My patient Theresa was absolutely certain that a man who lived down the street was in love with her.
'How do you know this?' I asked. She had agreed to come into hospital after being seen urgently at the outpatient clinic.
'Well, there are lots of things…'
'OK but can you explain a bit more? What things?' I needed to try to understand on what exactly she based this belief. My consultant had thought her reasoning was far from lucid.
'Well, I know he is thinking about me when I go past his house.'
Theresa was Spanish and in her late forties. She had come to England, she told me, to marry an Englishman, but after a few years they divorced and she was living alone, working as a cleaner. As she spoke, she passionately waved her hands around, enacting her words for me. Almost every day for the last six months or so, when she was not at work, she had been spending time hanging about on the pavement outside her neighbour's house, leaning against a lamppost and catching glimpses of him as he moved past the windows in his flat. He had already complained to the police about her behaviour several times but this did not deter her.
'So tell me, how do you know he is thinking about you?'
'Well… Well, you see,' she looked up and framed the shape of a window with her fingers and thumbs. She was smiling broadly, as she was about to reveal to me how it was all very simple and straightforward. 'When the venetian blinds are open, that means he is thinking about how much he loves me and how he can't wait to see me.'
'And when they are closed?'
'He is doing something else, something he has to get done and out of the way,' she shrugged. 'But they always open again and then I know he wants me. Really wants me but he just can't say.'
'Are you sure? I mean he has just applied to the court for an injunction against you, hasn't he?'
'This isn't really what he wants to do. I mean, his wife… She made him do it. I know…' she whispered. Then she banged her fist down on the desktop beside her. 'I know it isn't how he really feels about me. I know it here.' She jabbed the middle finger of her left hand at her head. 'And here, I know it here.' Her fist slammed against her chest with ferocious certainty. 'I love him very much too, very much!'

There are curious parallels between being 'in love' and being 'deluded'. The accepted medical definition of a delusion is a false unshakeable belief out of keeping with a person's social, cultural or religious background. It sounds almost straightforward but in practice it's much harder, for example, to judge what is 'in keeping' with that background if you don't know the mores of a particular culture, religion or society. Those who are in love and the deluded both inhabit worlds fraught with misunderstanding and apparently irrational behaviour. However, being in love isn't defined as a delusion by psychiatrists, except in the case of 'erotomania', where the affected person firmly believes that somebody – usually a stranger, as in the case of Theresa's neighbour, and sometimes a celebrity – is in love with them.
But how do we know if someone really loves us?
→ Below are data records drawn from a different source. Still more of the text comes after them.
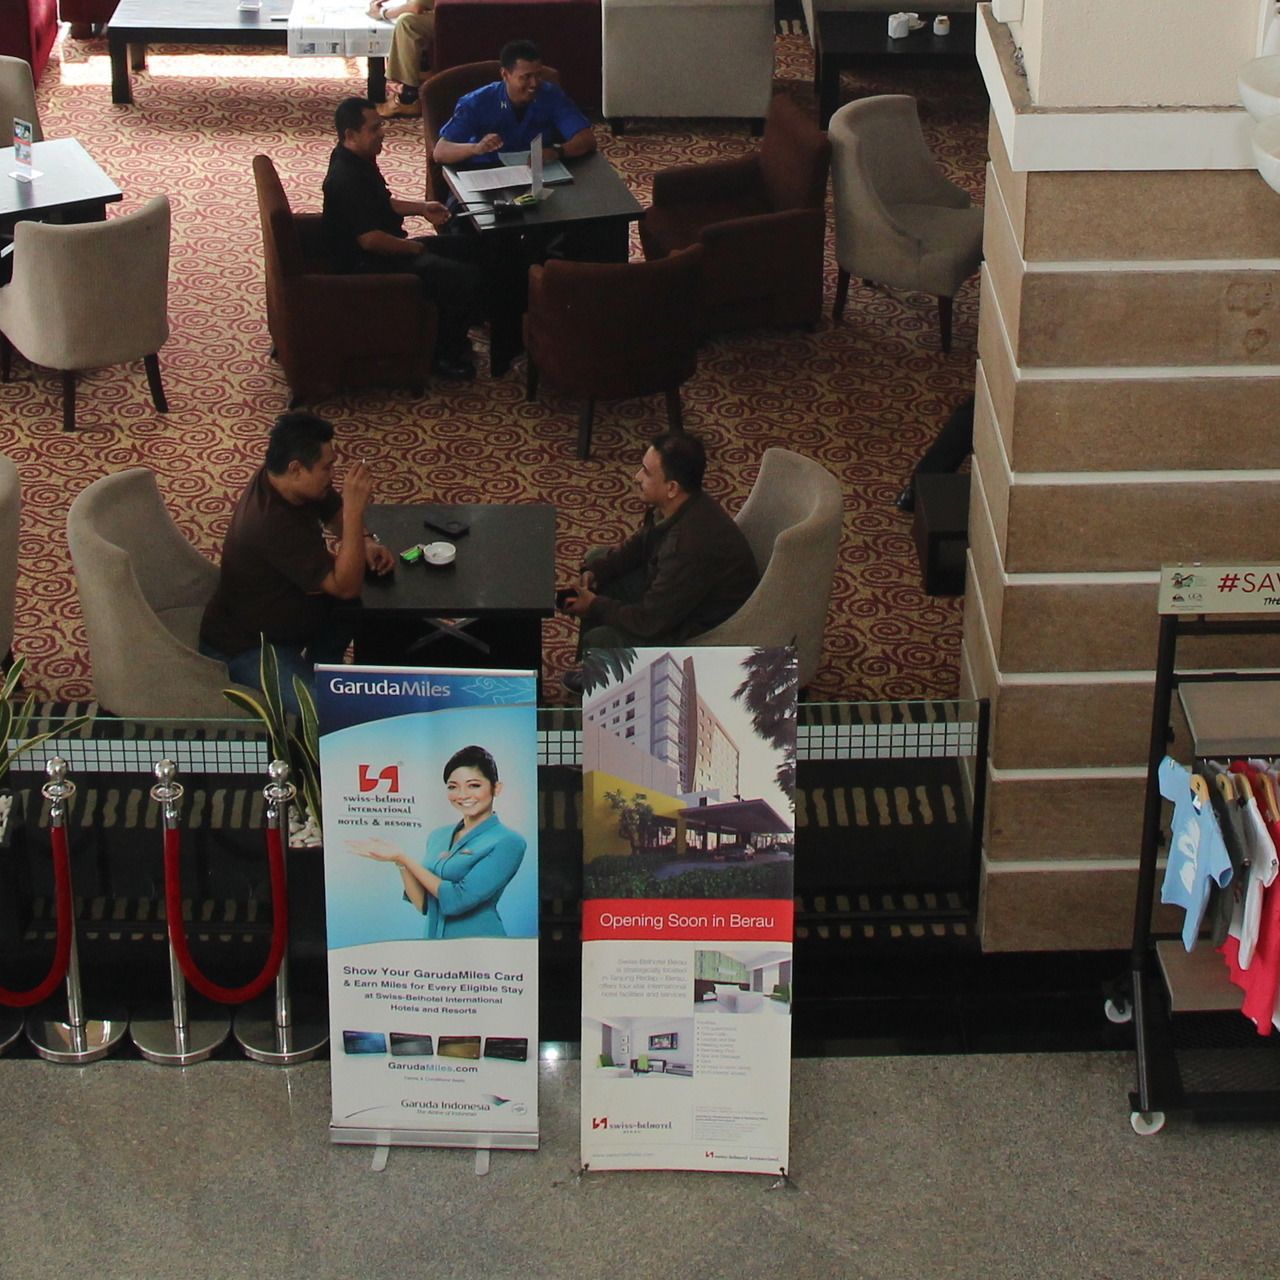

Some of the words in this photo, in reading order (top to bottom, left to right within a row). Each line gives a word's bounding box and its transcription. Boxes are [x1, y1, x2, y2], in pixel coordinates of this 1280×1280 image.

[330, 677, 451, 697] GarudaMiles
[600, 913, 664, 929] Opening
[668, 914, 708, 927] Soon
[713, 914, 725, 927] in
[730, 914, 774, 928] Berau
[343, 966, 377, 975] Show
[381, 967, 409, 977] Your
[414, 969, 490, 980] GarudaMiles
[494, 971, 523, 982] Card
[354, 980, 378, 988] Earn
[381, 981, 407, 989] Miles
[411, 982, 424, 990] for
[428, 983, 456, 993] Every
[460, 984, 498, 994] Eligible
[501, 986, 524, 995] Stay
[376, 993, 443, 1003] Swiss-Belhotel
[391, 1004, 420, 1012] Hotels
[422, 1006, 439, 1014] and
[388, 1062, 478, 1073] GarudaMiles.com
[401, 1099, 438, 1109] Garuda
[441, 1100, 491, 1111] Indonesia
Doesn't that also, just like being deluded, require an act of faith to read those signs and interpret them the way we want to? Not signs as clear-cut as the opening and closing of venetian blinds – much subtler signs. We learn how to read the socially sanctioned cues, which don't generally include signalling with the window cords, but it's a process fraught with misperceptions at the best of times.
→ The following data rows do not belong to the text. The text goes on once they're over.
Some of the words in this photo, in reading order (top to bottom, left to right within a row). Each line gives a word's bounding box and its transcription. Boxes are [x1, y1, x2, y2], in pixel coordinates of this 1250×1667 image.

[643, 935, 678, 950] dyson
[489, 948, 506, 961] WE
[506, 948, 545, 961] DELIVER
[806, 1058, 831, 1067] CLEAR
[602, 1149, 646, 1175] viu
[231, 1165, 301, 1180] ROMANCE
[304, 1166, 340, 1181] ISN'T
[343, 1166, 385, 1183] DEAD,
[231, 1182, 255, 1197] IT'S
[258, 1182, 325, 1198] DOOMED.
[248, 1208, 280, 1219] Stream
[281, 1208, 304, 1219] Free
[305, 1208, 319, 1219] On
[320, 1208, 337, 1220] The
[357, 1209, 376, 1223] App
I was a latecomer to the experience of falling in love. It caught me completely unawares and flipped my life upside-down so that it would never be the same again.
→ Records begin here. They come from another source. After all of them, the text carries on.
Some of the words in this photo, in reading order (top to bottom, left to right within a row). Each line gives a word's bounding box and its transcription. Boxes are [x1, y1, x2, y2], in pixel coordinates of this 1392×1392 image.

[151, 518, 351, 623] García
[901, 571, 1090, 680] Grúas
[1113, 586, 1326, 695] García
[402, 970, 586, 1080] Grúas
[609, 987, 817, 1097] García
By the beginning of 1985 I was working in the suburbs of Manchester in one of the first community mental health centres in England. It was an ordinary-looking stone and red-brick building on the corner of a terrace where people who needed help could drop in and ask to see a mental health worker. There was no sign outside saying 'mental health service', just a simple house name. The atmosphere was very different from the one in the psychiatric unit where I had worked before. We worked in the community, as a multidisciplinary team, and Dr Lyle, my new consultant, had blue twinkly eyes and a Geordie accent. He wore a shirt and sweater, rather than a pin-striped suit, and I thought he didn't look at all like a consultant psychiatrist.
I was, or so I believed, finally starting to get to where I wanted in life. I dressed conservatively, in tweed skirts and buttoned shirts, and was about to move into a semi-detached house in one of the better neighbourhoods of South Manchester. I would soon be a consultant too. My life script was written. Jim was moving on in his job as a research scientist and seemed to have a vision of where he wanted our lives to be, modelled on his senior colleague, whose wife was an obstetrician.
'Julia's just become a consultant, and they've moved into a much larger house. Don't you think it's time we thought about moving upmarket a bit?' he would say.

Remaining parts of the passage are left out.